=== TASK ===
Reproduce what is written in the records below exactly, and leave out the images.

___ PROVIDED ENTRIES

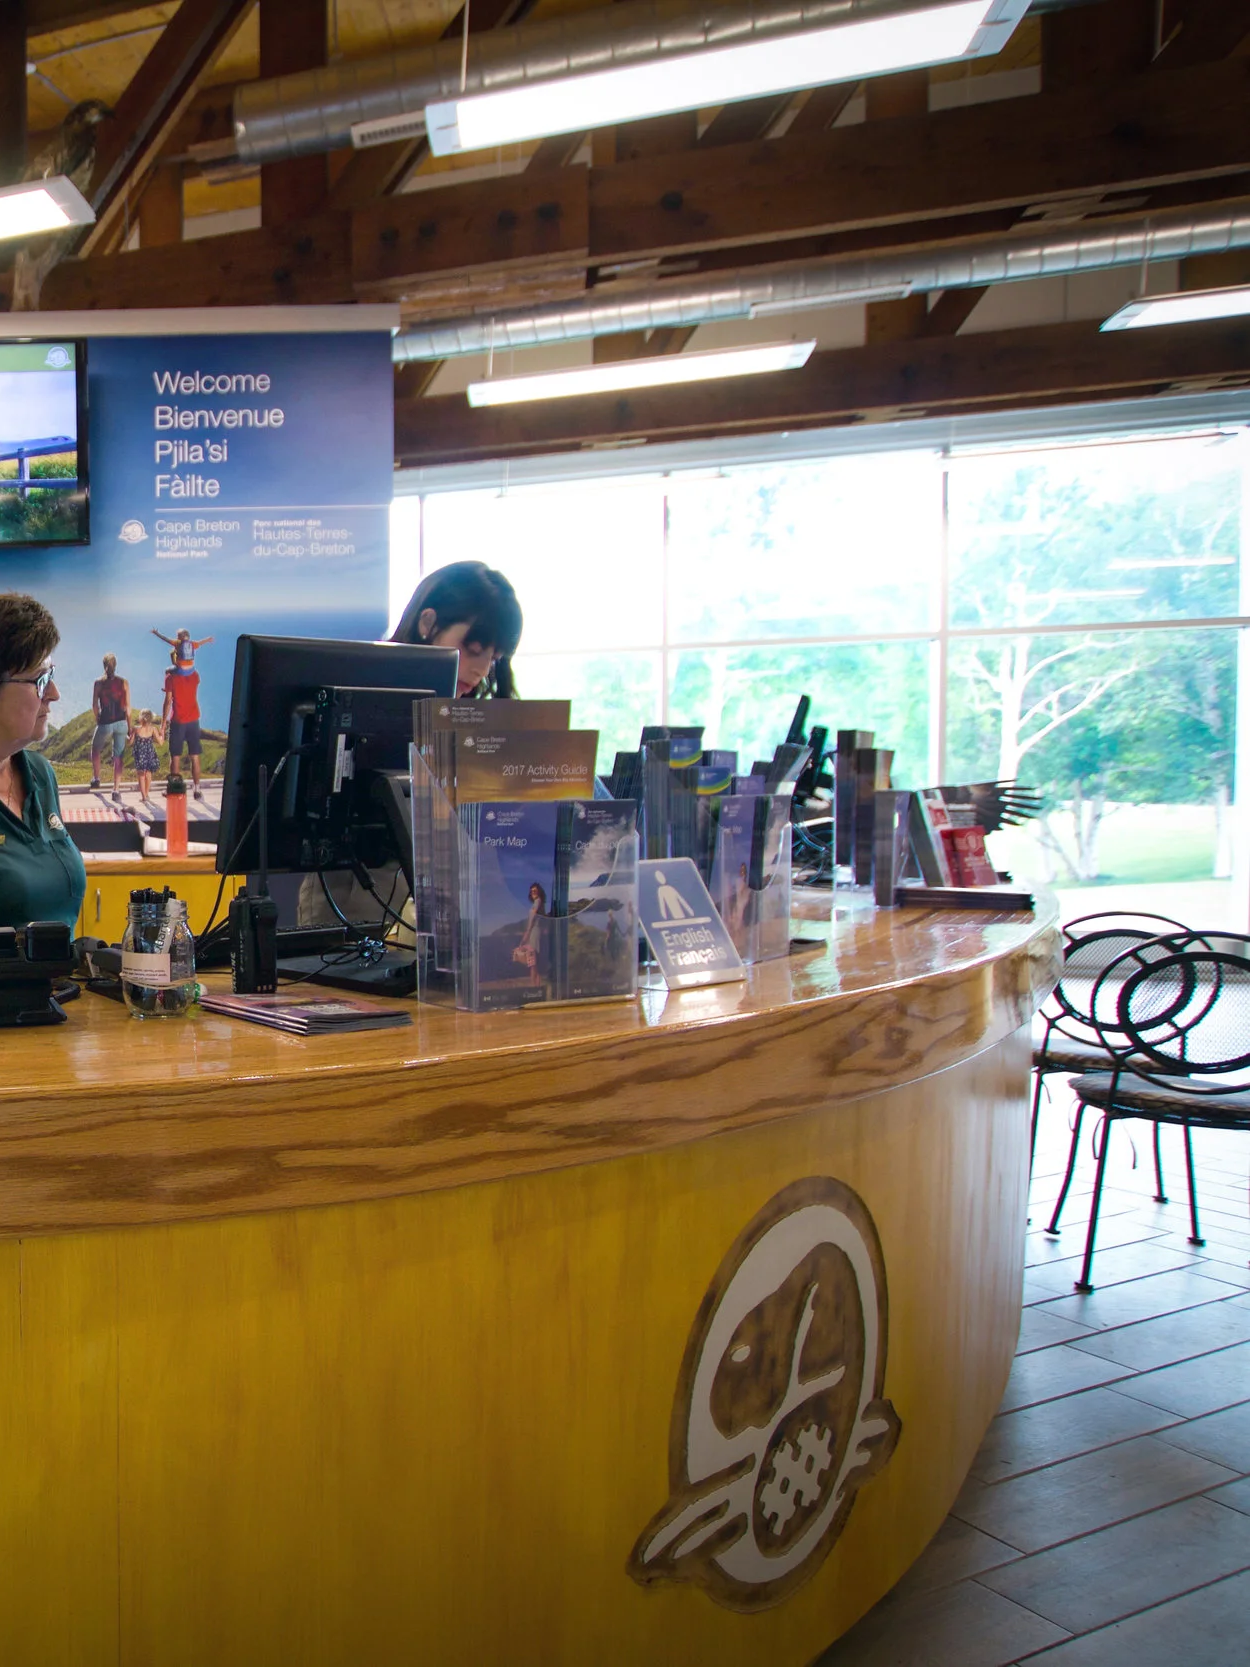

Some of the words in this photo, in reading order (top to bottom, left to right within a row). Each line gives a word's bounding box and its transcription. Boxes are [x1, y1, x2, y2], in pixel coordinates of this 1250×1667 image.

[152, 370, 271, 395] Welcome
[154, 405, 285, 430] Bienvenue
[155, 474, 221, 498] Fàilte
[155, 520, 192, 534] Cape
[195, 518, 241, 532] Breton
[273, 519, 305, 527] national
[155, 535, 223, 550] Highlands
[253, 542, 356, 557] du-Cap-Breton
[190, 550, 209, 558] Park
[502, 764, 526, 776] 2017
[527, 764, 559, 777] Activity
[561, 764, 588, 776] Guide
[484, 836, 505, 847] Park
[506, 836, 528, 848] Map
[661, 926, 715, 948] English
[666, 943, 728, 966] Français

______

=== SOLUTION BELOW ===
Some of the words in this photo, in reading order (top to bottom, left to right within a row). Each line gives a word's bounding box and its transcription. Boxes are [x1, y1, x2, y2], in pixel coordinates of this 1250×1667 image.

[152, 370, 271, 395] Welcome
[154, 405, 285, 430] Bienvenue
[155, 474, 221, 498] Fàilte
[155, 520, 192, 534] Cape
[195, 518, 241, 532] Breton
[273, 519, 305, 527] national
[155, 535, 223, 550] Highlands
[253, 542, 356, 557] du-Cap-Breton
[190, 550, 209, 558] Park
[502, 764, 526, 776] 2017
[527, 764, 559, 777] Activity
[561, 764, 588, 776] Guide
[484, 836, 505, 847] Park
[506, 836, 528, 848] Map
[661, 926, 715, 948] English
[666, 943, 728, 966] Français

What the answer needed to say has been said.